Driving at night in the rain

In the last years of his life, my Dad and I had a tradition. I’d call his house most nights while driving home from work. The phone would ring: Three, four, five, six times. He wouldn’t answer.

The machine would kick in and I’d hear my sister’s voice on the recording. He liked her voice on the machine.

I would talk at Pop while the message chirred. That machine was right next to his couch in front of his TV. I knew he was sitting there, 85 years old, under his New York Football Giants blanket. Since the fourth cancer diagnosis, he didn’t like to answer the phone.

“Pop! Pop, pick up! It’s Tommy! It’s your son.”

After a time, I’d stop and tell him about my day, my kids, what was new, and that I was still pulling a paycheck.

Very occasionally, he’d pick up the phone. About once every two weeks. And we’d talk.

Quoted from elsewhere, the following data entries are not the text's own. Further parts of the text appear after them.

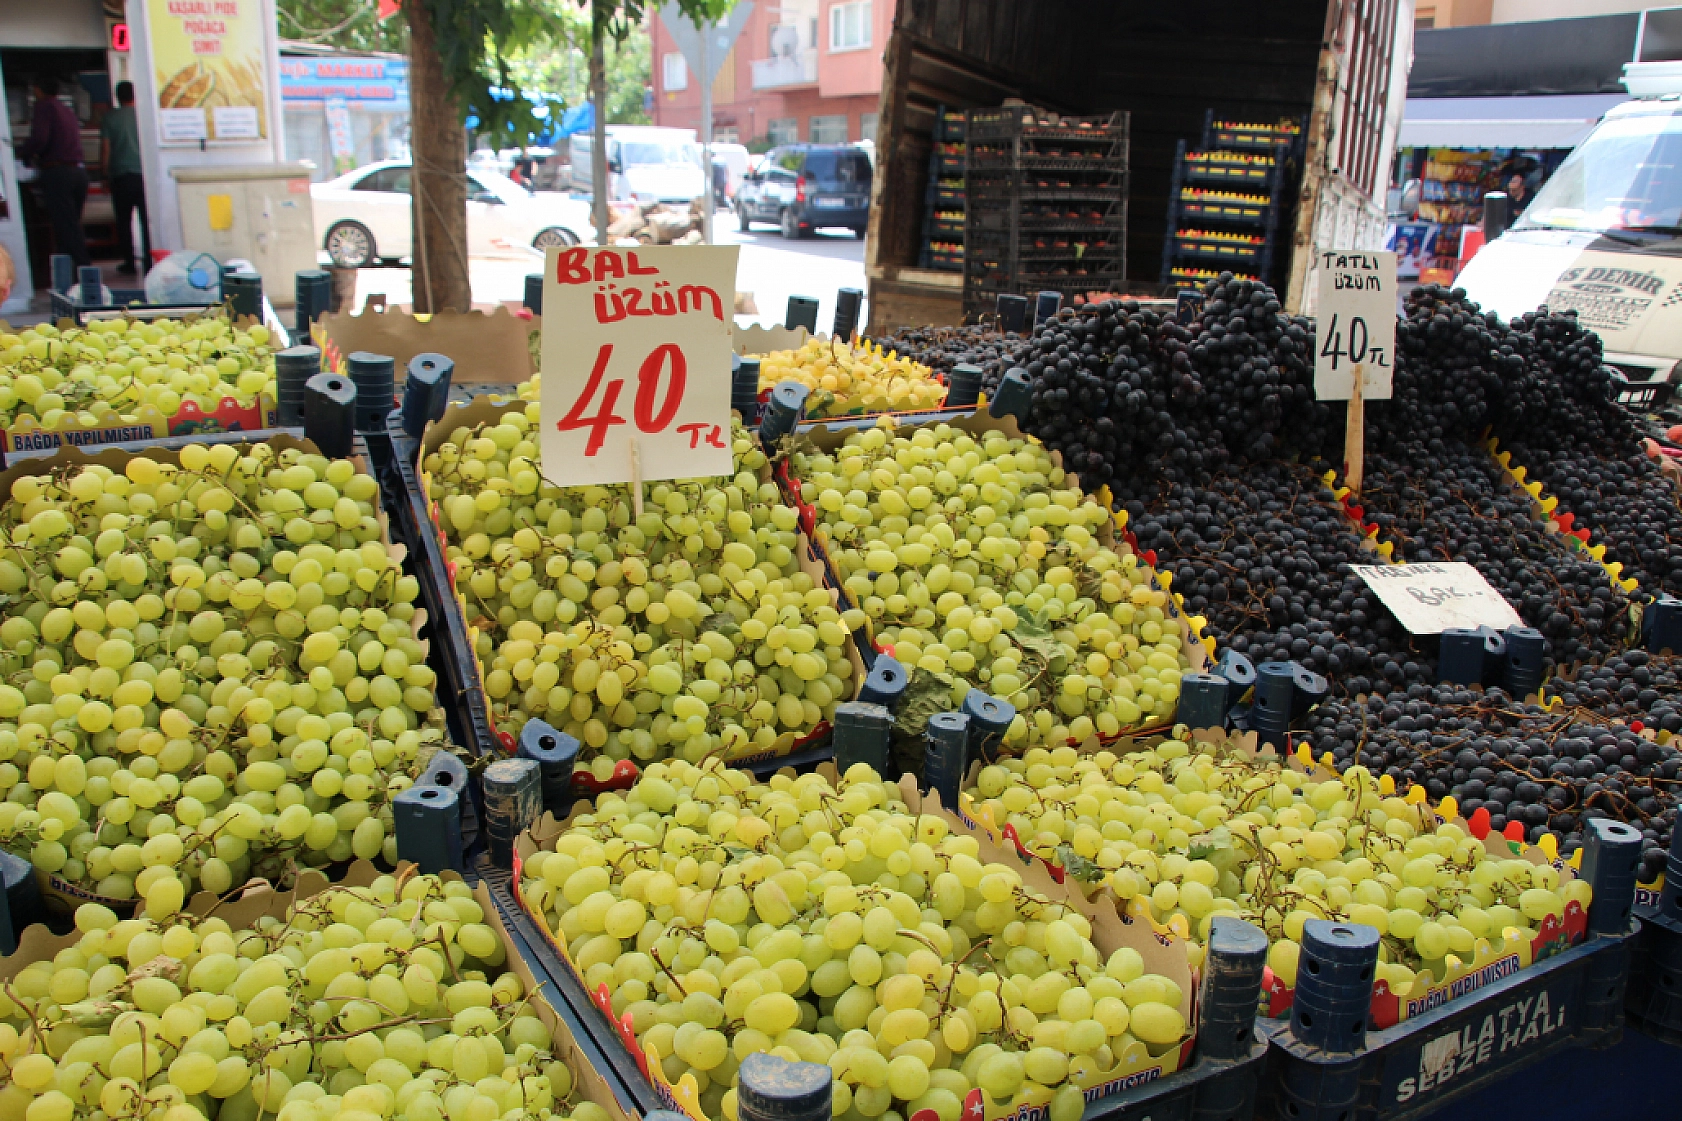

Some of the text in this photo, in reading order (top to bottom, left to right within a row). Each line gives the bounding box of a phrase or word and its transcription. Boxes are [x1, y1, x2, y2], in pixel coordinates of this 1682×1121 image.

[317, 63, 384, 78] MARKET
[557, 247, 660, 284] BAL
[1322, 251, 1379, 270] TATLI
[1335, 272, 1381, 291] ÜZÜM
[1321, 313, 1391, 371] 40 TL
[556, 343, 688, 457] 40
[1395, 1038, 1494, 1103] SEBZE

I’d ask, How are you feeling (“What do you want me to say”). He’d ask about the job (“Good enough, Pop, but I don’t trust anyone”), the kids (“Grace gets As on her report card and all these little plusses”), the dogs (“They miss you”), and Keith’s therapy.

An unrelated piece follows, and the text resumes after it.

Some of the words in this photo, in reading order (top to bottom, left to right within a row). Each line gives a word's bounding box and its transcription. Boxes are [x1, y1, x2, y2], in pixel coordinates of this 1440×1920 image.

My son Keith is a trans teenager. He has anxieties and hates himself. He’s sullen, silent, or suicidal. Pick the day. Other times he might smile during dinner.

Pop understood Keith’s moods better than I did. I think Pop had seen more in New York City. He managed lots of different kinds in the fire department and growing up with the corner boys in the neighborhoods. Some desperate, some down. Not everyone gets out of the fire okay.

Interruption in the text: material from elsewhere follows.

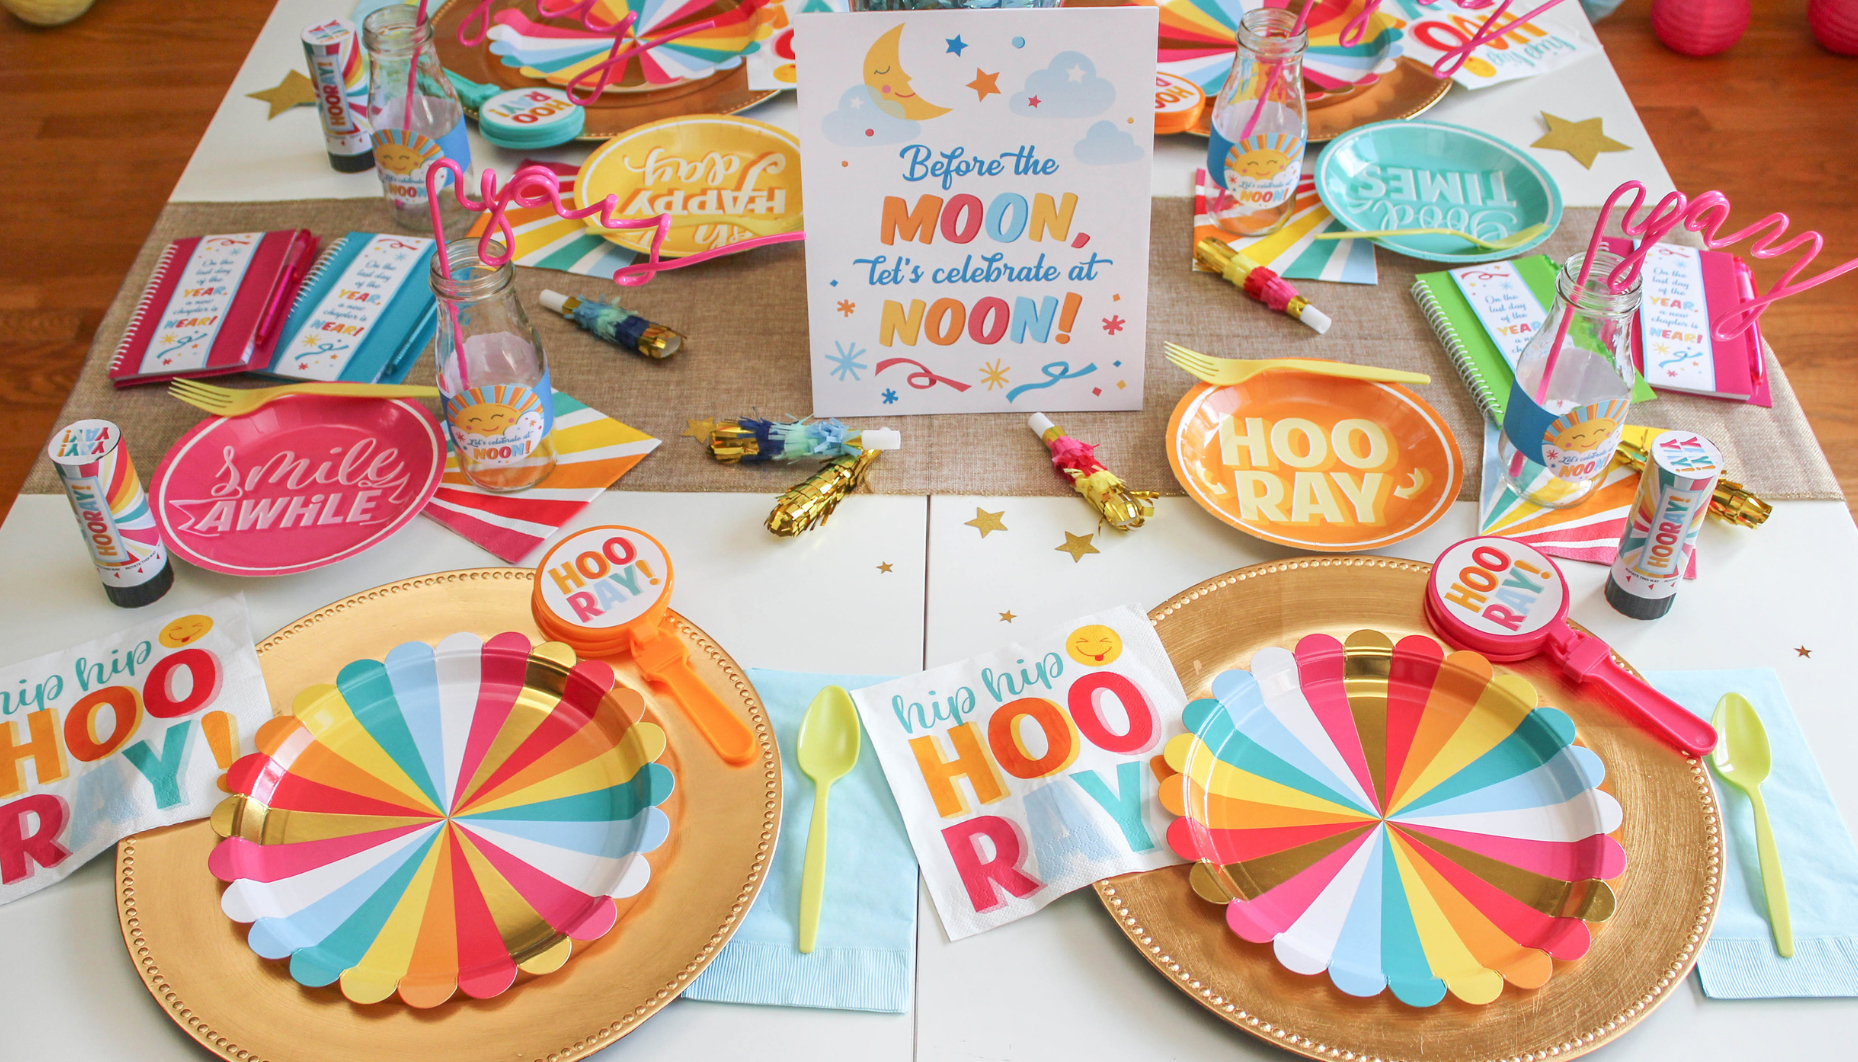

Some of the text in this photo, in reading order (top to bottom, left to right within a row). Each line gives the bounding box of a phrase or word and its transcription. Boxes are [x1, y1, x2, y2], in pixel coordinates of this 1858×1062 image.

So he’d ask, “How’s Keith doing?”

Pop didn’t understand ADHD and therapists and kids cutting themselves. He didn’t understand gender fluidity and transsexuality. Homosexuality was a sin against God because The Church told him so.

But Pop saw nothing wrong with my son: “He’s still the same kid, right?”

Same kid, Pop, just a new wrapper. Pop believed God was lucky to have Keith.

“Just tell him it’s going to be all right. Tell him I said that.”

And that was it.

He’d beg off the phone to do something else, anything else. Eat dinner, watch the Yankees. Our calls were maybe 5 minutes.

Dad’s been dead now nearly a year. I’m still here. On my drive to work each morning, I’d check one box off my executor list – handwritten on a legal pad on the navigator seat. Call an insurance company. Get someone paid. Sell the place in Florida. I had time for one box each morning.

Nearly every night on my drive home, I think about calling him. It’s a phantasy. He’s not there to pick up the phone. Hell, I cut off his phone service and sold the house 6 months ago.


I imagine — sometimes — he’s in my passenger seat, riding alongside me on the ride home. I put the legal pad in the back seat. He sits next to me. We cut off Lexuses on the toll road. We speed. And we talk.

But the version of Dad I conjure isn’t an old man. Oh no.

The Pop I create is about 47 years old. Staggered and miserable. He lost his wife to cancer a year ago, has two daughters at home, fights fires every day, and pays forever hospital bills. I’m away at college. He is alone.

His friends empathize but don’t understand. Mom was the first to leave. Dad was the first to lose someone.

Money isn’t much of a problem. A fire captain keeps working the overtime. Stay in The City, away from problems at home. Women come to him, with cake and attention. He doesn’t trust any of them.

He’s angry and he’s strong. He’s vulnerable and he’s quick to lash out. His steady life is just gone. He remembers better days barely five years earlier — days when the family was scrambling to get by. Mom’s chemo treatments and late nights with the TV. He thinks these were the good times.

This version of Pop is a guy I can talk with.

In The Subaru, we talk about traffic, and the Yankees, and the kids. Sometimes mine, sometimes his. He vents in four- or five-word sentences.

“Damn kid’s run off again. Never know where that boy is; what the hell is he thinking.”

“She has no common sense. She doesn’t think. She’s going to run that car dry and leave it on the side of the road. No gas. Christ.”

His jaw clenches. He grunts. He glares. I watch his face in the glow of the oncoming headlights. Sometimes, he wants to reach through the windshield and strangle that goddamn guy in the Volvo. I pull closer to the Volvo.

I cherish these moments.

At some point, Dad will say he’s got to go now. His dinner’s getting cold.

And I don’t have to turn my head to know he’s gone.

Switch lanes. Pay the toll. Get home. Good times.